Project Management Institute

Instant Wireless Teamware



In response to the wealth of products entering the market and as a service to readers, PM Network is proud to publish a quarterly software review. Each column discusses the latest tools that affect the way managers approach projects. These reviews, while systematic and thorough, are one person's opinion and do not constitute an endorsement or necessarily reflect the views of PMI or PM Network.

Among the more intriguing new applications of local-area wireless technologies such as Wi-Fi and Bluetooth, ad hoc networks allow teams to power up anytime—around the office or across the campus, while traveling and out in the field. The past two years have seen a half dozen startups, such as AirCQ, Green Packet and SPAN-Works, take a crack at the software, and some have come and gone. Only Colligo Networks Inc., whose neat little Colligo tool I tried recently, has any real traction. I can see the day when the name becomes a verb, and project managers ask their team to “Colligo me.”

Colligo Workgroup Edition lets team members set up ad hoc wireless networks and share basic built-in applications, such as this whiteboard and chat window

Colligo Workgroup Edition lets team members set up ad hoc wireless networks and share basic built-in applications, such as this whiteboard and chat window.

Colligo is yet another wrinkle in the hot peer-to-peer networking trend that lets computers communicate directly with each other using special software that typically obviates the need for a central network server. But unlike the Kubi Client and competitor Groove (see the Kubi review, PM Network, September 2004, p. 59), which are “fat” groupware-like programs that run on known client computers over fixed networks, Colligo is all about fluidly setting up the network itself, when and where you need it, with just enough pop-up software to facilitate team communication. Colligo Networks' patents are for the under-the-hood tricks, such as database synchronization and user discovery, that are needed to authenticate users and maintain integrity of information when people can join and leave the network so easily.

Colligo Me

Despite its differences from Kubi and Groove, Colligo is no skinny little browser app. It requires a 9.58 MB file download and later takes up 11 MB on your hard disk, but installation proceeds quickly. After you enter names and e-mail addresses, the real magic begins. Colligo fires up a default Wi-Fi-standard (also known as 802.11) wireless network and asks you if you want to join it; you can create additional networks, including wired ones.

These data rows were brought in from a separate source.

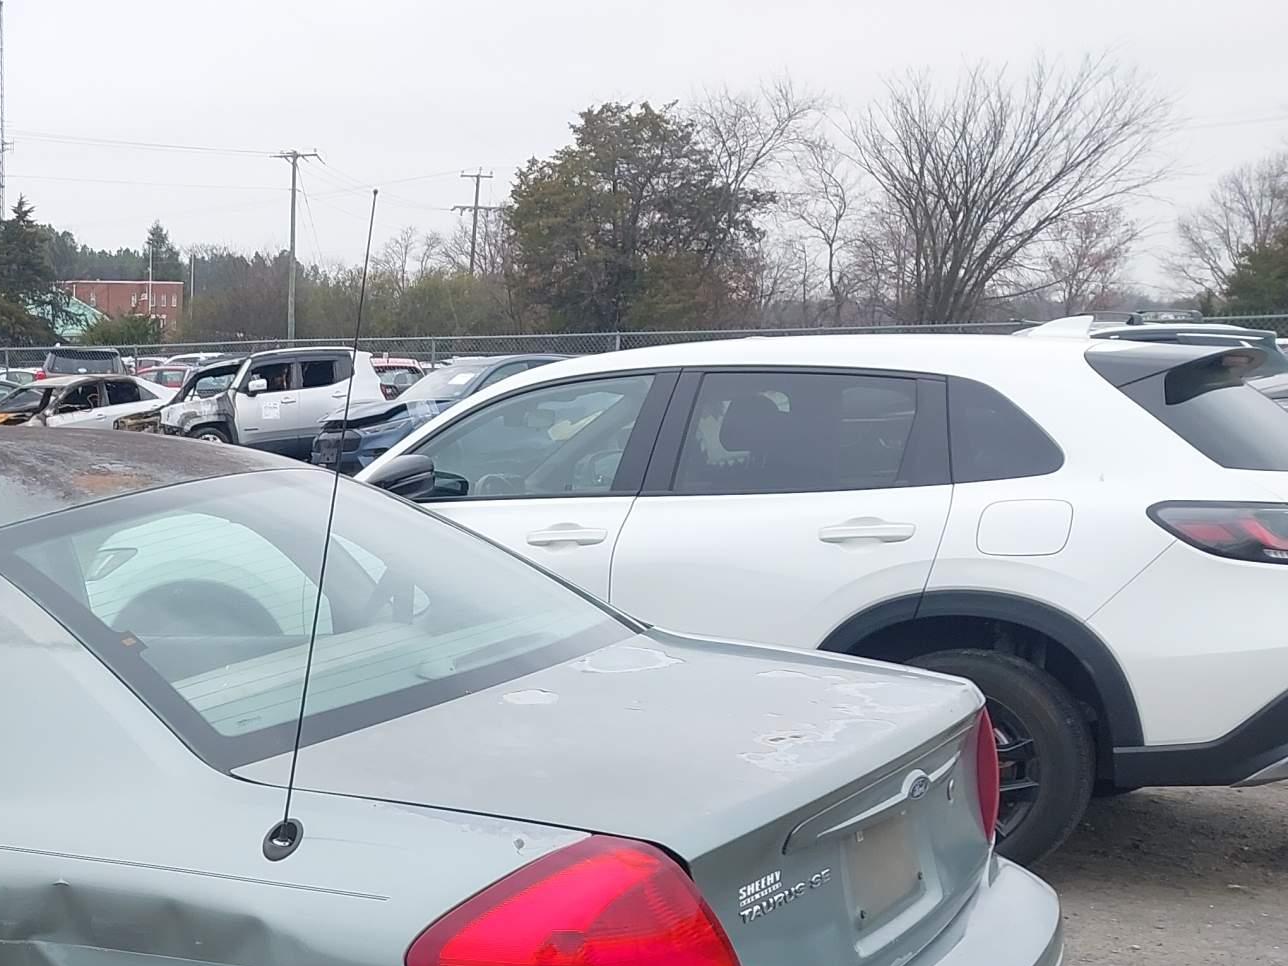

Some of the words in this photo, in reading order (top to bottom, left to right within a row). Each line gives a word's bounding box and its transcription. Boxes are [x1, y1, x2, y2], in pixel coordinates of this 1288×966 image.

[738, 870, 782, 900] SHEEHY
[739, 882, 806, 924] TAURUS
[809, 868, 832, 888] SE
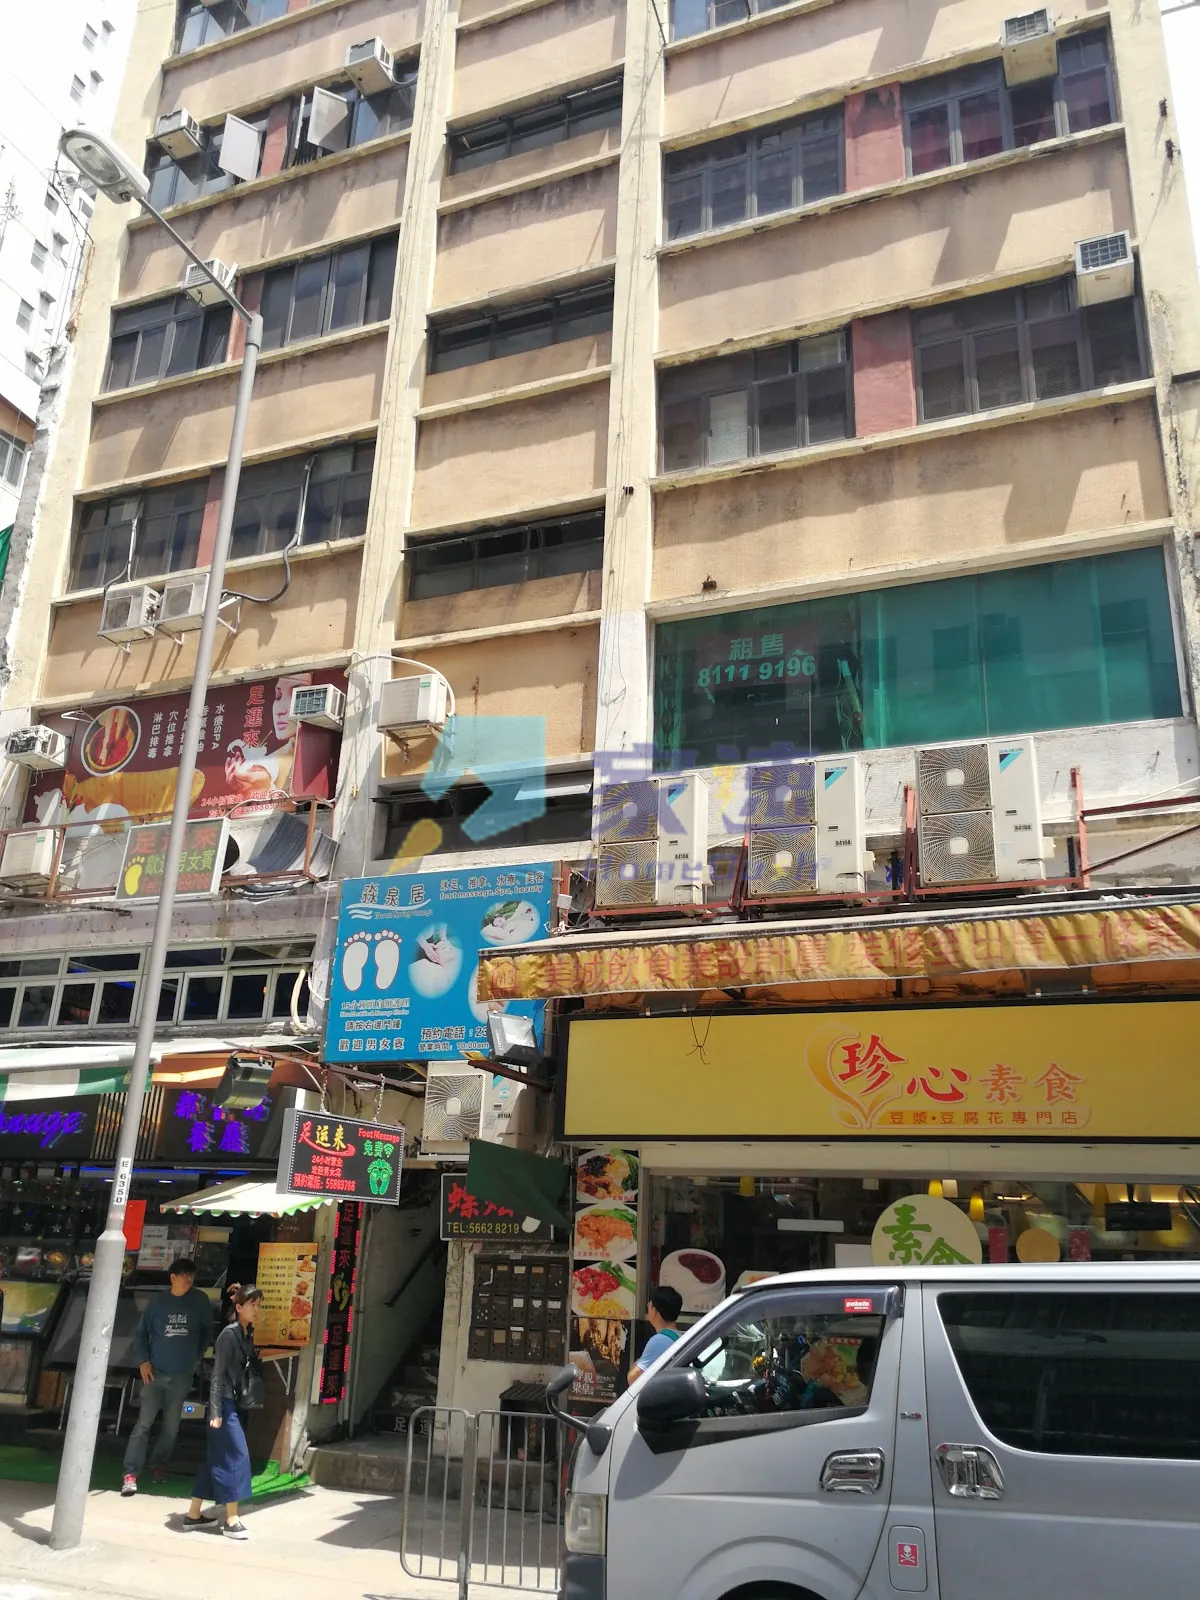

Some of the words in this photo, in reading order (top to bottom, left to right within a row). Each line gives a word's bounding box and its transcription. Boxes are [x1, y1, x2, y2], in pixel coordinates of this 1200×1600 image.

[729, 633, 785, 661] 租售
[697, 664, 749, 687] 8111
[759, 654, 816, 681] 9196
[339, 1037, 405, 1051] 歡迎男女賓
[115, 1173, 128, 1204] 6350
[494, 1223, 520, 1234] 8219

When other Colligo users join the network, their names appear in your window. Click on them, and Colligo's tight, 168-bit security system authenticates users to each other by requiring them to exchange digital certificates, then confirms their acceptance in a personal communication. This way, you know the others are who they say they are, especially if you can't see them. All this happens without needing a public Wi-Fi “hot spot,” like those at Starbucks and many corporate campuses. This network runs between the Wi-Fi radio transmitters on every computer that's running Colligo.

Everyone on the network sees a small Colligo window, about the size of an instant messaging interface. From here, you manage the network and access daily mainstays: chat, file transfer (complete with a little message window for alerting recipients) and a sticky-note tool for dashing off and transmitting short messages. You access the latter by clicking on the names of other online users in a simple list that graphically shows the kind of system they're running (Windows desktop, notebook, tablet PC or PDA).

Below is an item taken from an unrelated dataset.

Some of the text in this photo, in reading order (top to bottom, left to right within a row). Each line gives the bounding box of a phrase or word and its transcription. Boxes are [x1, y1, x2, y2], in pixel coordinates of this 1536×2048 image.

Other useful, two-click-accessible applications include a whiteboard on which you can draw with your mouse or tablet/PDA stylus, a viewer for file folders designated as shared and Microsoft NetMeeting conferencing. You also can share an Internet connection, just like on a wired Windows network—albeit with the usual hassles if a firewall is installed—and send Colligo to a friend via Web e-mail.

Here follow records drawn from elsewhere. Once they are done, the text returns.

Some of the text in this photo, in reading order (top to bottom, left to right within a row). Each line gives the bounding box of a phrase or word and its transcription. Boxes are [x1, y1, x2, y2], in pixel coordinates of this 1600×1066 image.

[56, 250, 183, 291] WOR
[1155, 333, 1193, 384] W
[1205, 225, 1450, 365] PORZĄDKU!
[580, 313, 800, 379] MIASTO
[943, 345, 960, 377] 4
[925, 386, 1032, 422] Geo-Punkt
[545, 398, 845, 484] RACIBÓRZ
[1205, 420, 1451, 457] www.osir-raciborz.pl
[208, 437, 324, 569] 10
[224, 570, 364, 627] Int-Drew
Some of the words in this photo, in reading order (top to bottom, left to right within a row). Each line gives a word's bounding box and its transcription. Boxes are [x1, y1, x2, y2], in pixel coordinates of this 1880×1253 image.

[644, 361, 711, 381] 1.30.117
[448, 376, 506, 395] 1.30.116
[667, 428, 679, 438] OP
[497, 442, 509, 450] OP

Colligo Workgroup Edition 3.3

Price: $69.99 per user; 2-pack, $119.99.

Requirements: 450-MHz Pentium II or later processor, Windows 98 Second Edition or later, 64 MB RAM, 5MB hard disk space, 802.11 wireless hardware; Windows Pocket PC handhelds require 32 MB RAM, PC Card Expansion Pack, Windows Pocket PC 2000 or later.

Colligo Networks Inc., Suite 320, 1333 Johnston St., Vancouver, BC V6H 3R9 Canada + 1-604-685-7962.

AT-A-GLANCE REVIEW (5⋆s is best)

Ease of Use: ⋆⋆⋆⋆⋆

Feature Richness: ⋆⋆⋆⋆

Project Management Support: ⋆⋆⋆

Value: ⋆⋆⋆⋆⋆

I found all of these applications easy to use from the get-go. I especially liked how the already easy-to-use sticky notes have an option to expand the discussion into a larger chat window. Another good feature, especially for project teams, is a transcription feature that records everything entered in chat or the whiteboard.

Future Projects

Colligo's networking capabilities enable all sorts of conveniences. Traveling teams can hook one notebook into dial-up Internet at the hotel, then share the connection so each member can check e-mail. Colligo also can scan Microsoft Outlook schedules for free time, making it easier to plan meetings. Lacking a projector to show PowerPoint slides at a team meeting? The NetMeeting feature lets you share the presentation on users' screens while recording and sharing meeting notes and tasks.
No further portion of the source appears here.